Which lines make up the answer? Those from the line with "Some of the text" through the end of the data; reproduce them exactly.

>>>>

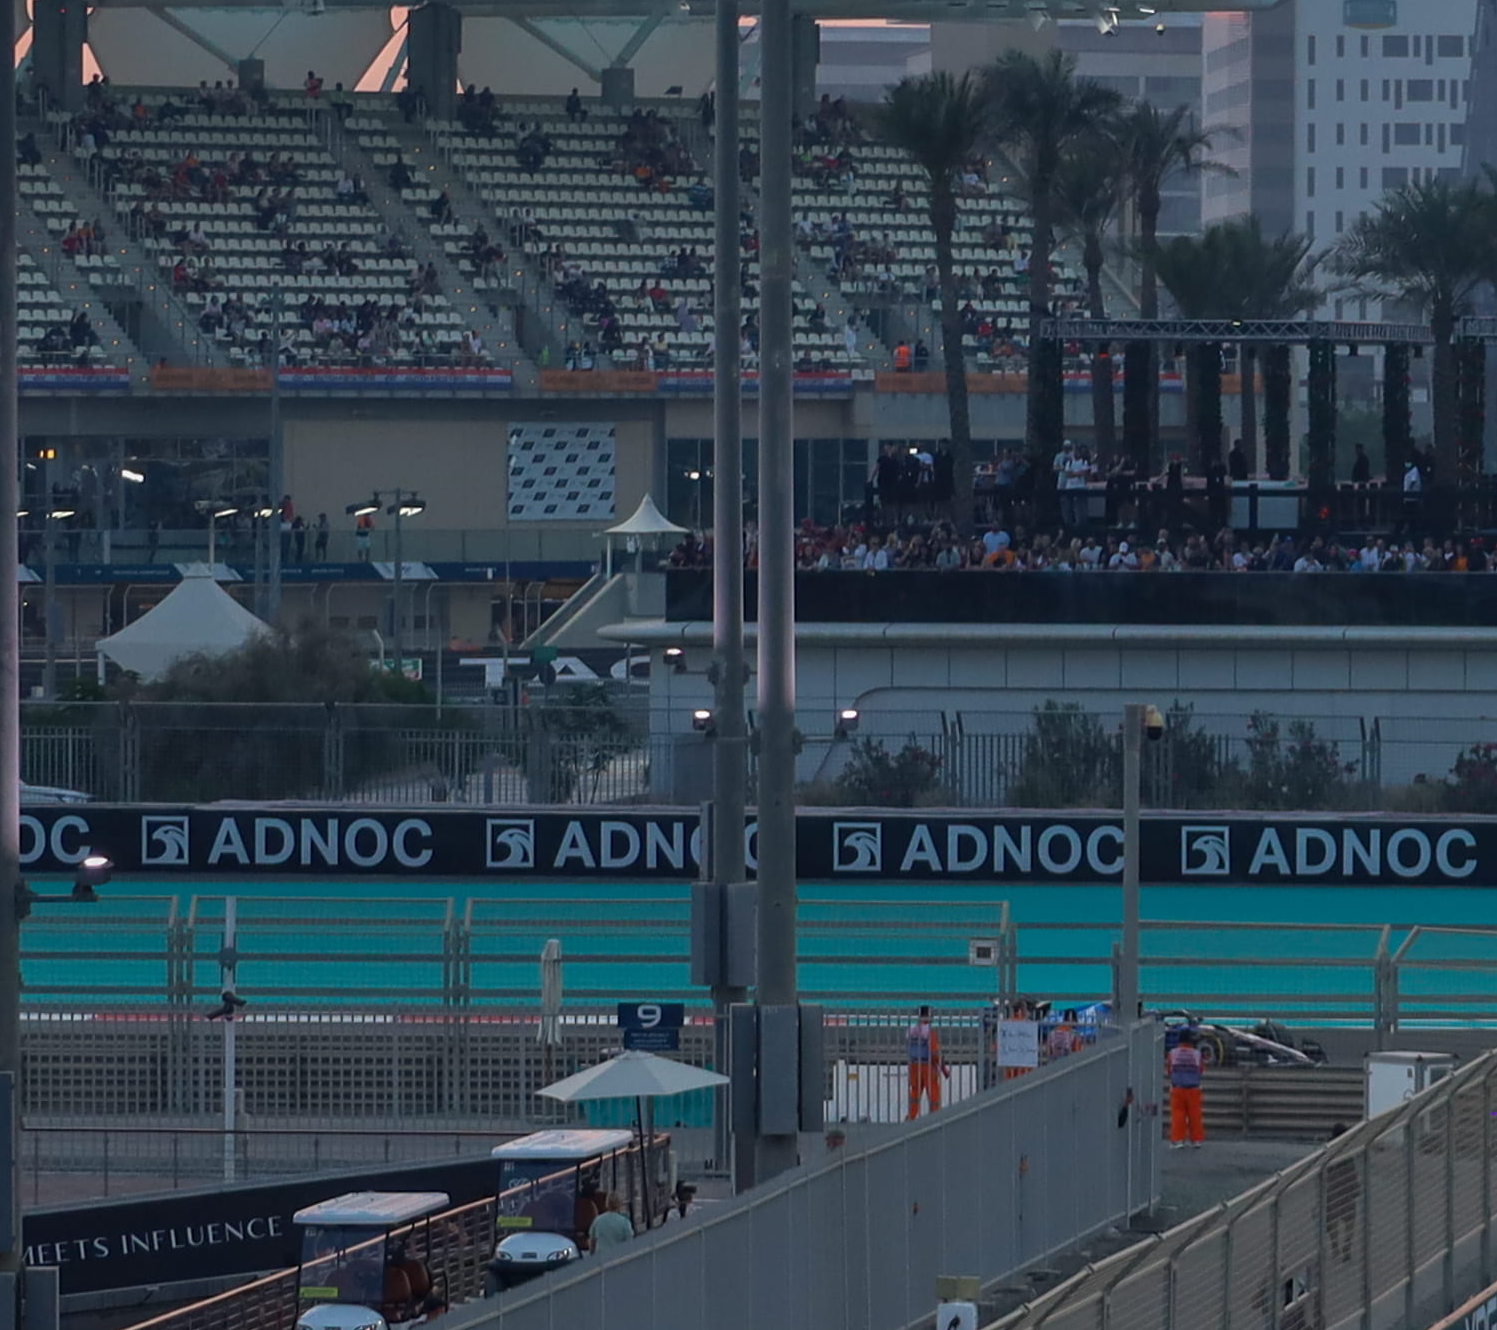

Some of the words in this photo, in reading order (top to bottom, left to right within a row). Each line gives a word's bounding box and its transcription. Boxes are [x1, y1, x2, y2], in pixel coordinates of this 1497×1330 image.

[207, 817, 434, 867] ADNOC
[554, 820, 762, 869] ADN
[900, 824, 1125, 875] ADNOC
[1248, 827, 1478, 878] ADNOC
[636, 1004, 663, 1028] 9
[121, 1214, 284, 1255] INFLUENCE
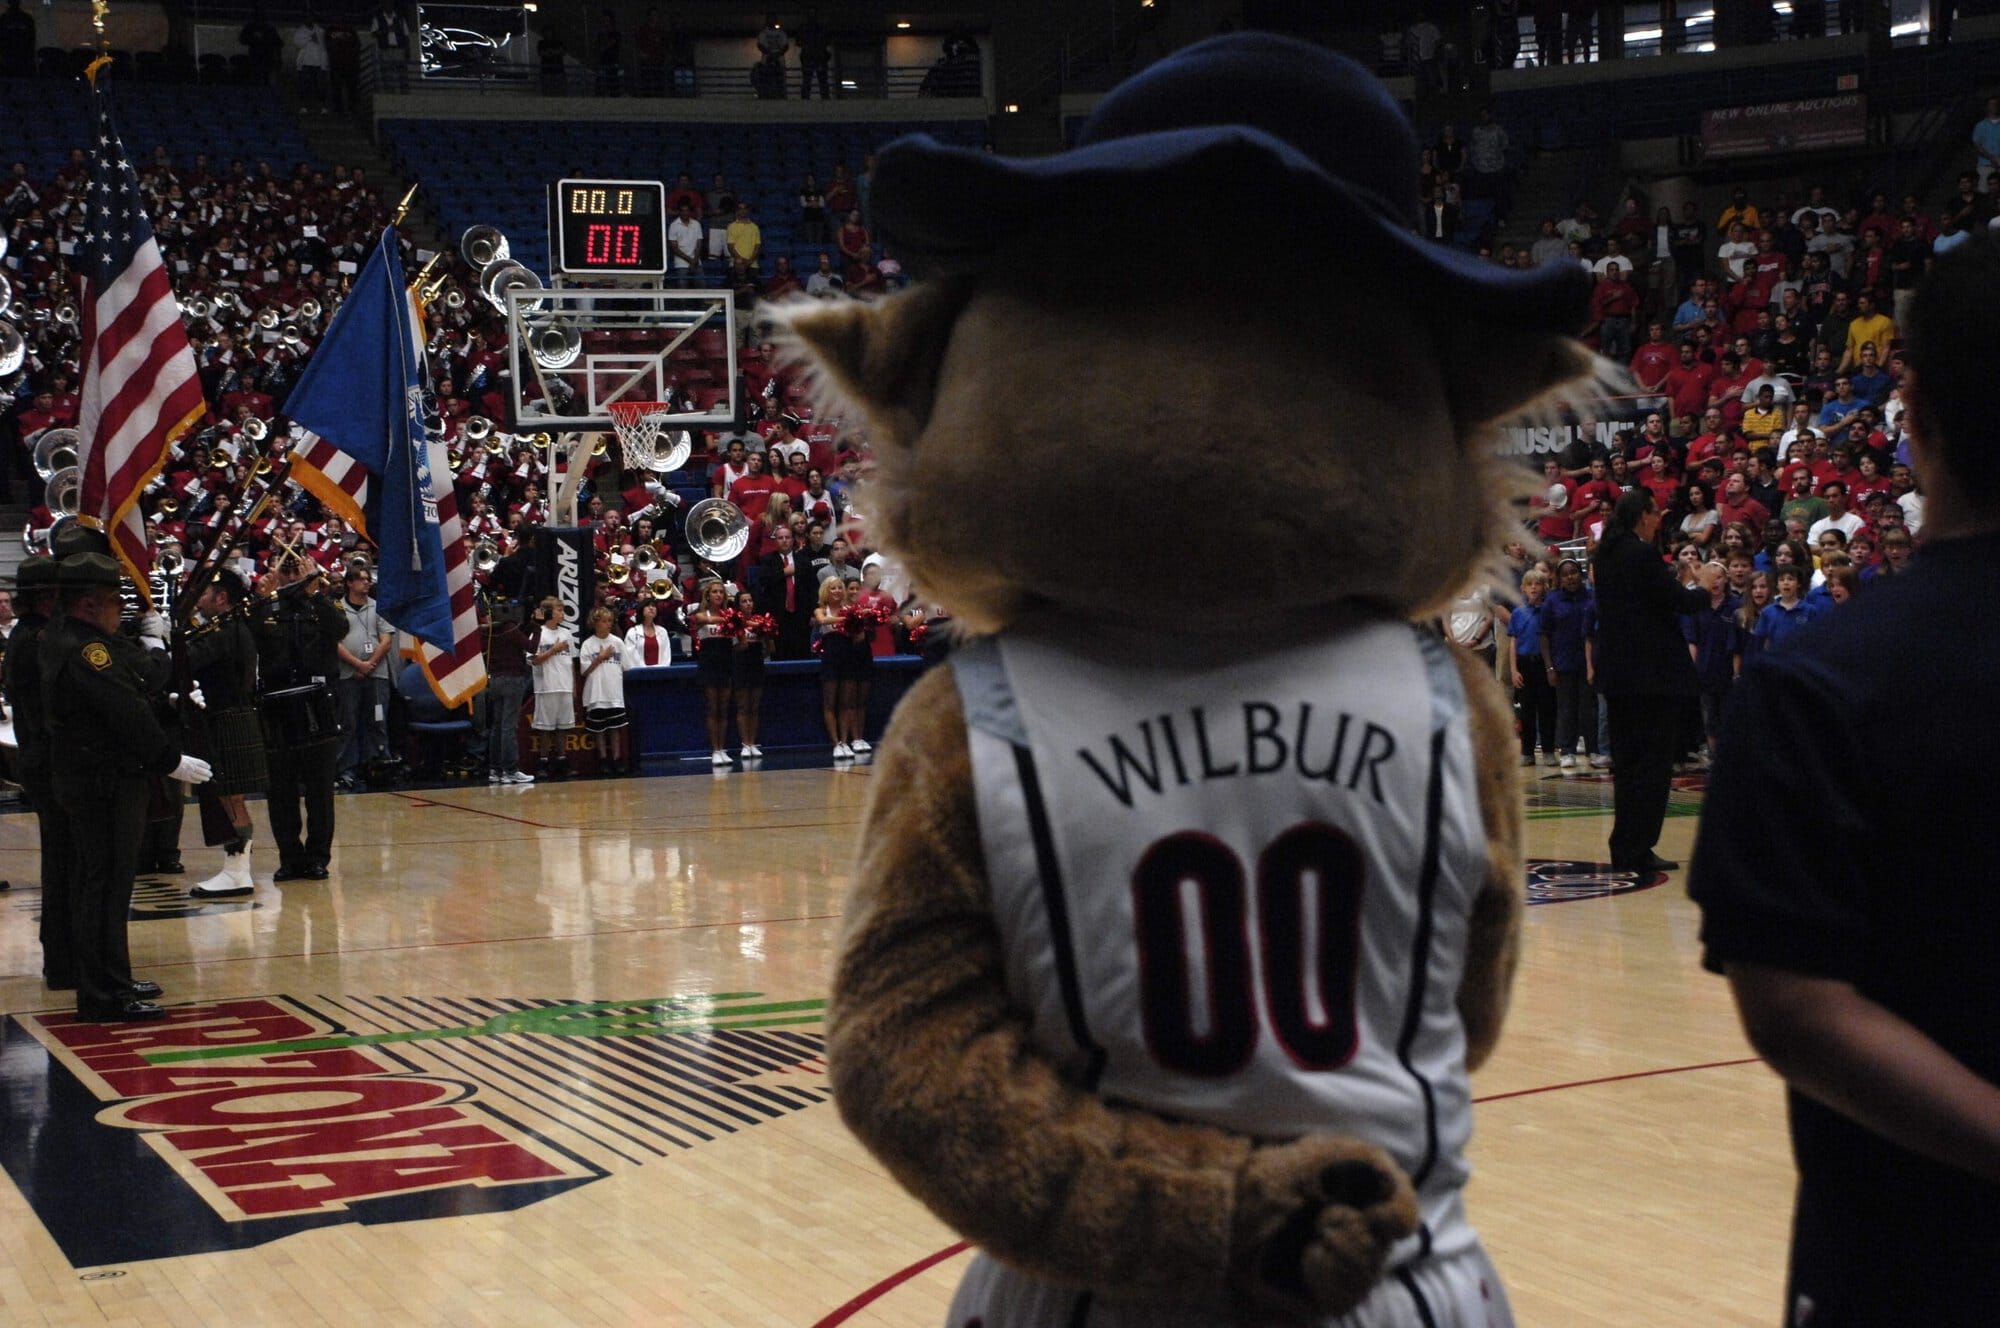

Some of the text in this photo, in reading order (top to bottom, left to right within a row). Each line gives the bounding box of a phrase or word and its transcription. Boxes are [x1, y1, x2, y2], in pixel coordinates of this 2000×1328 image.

[1711, 96, 1858, 121] NEW ONLINE AUCTIONS
[571, 188, 633, 214] 00.0
[586, 224, 640, 264] 00
[1497, 425, 1582, 455] MUSC
[1078, 702, 1395, 808] WILBUR
[1131, 820, 1364, 1079] 00

<<<<

— RESPONSE TO THE TASK —
Some of the text in this photo, in reading order (top to bottom, left to right within a row). Each line gives the bounding box of a phrase or word and its transcription. Boxes are [x1, y1, x2, y2], in pixel coordinates of this 2000×1328 image.

[1711, 96, 1858, 121] NEW ONLINE AUCTIONS
[571, 188, 633, 214] 00.0
[586, 224, 640, 264] 00
[1497, 425, 1582, 455] MUSC
[1078, 702, 1395, 808] WILBUR
[1131, 820, 1364, 1079] 00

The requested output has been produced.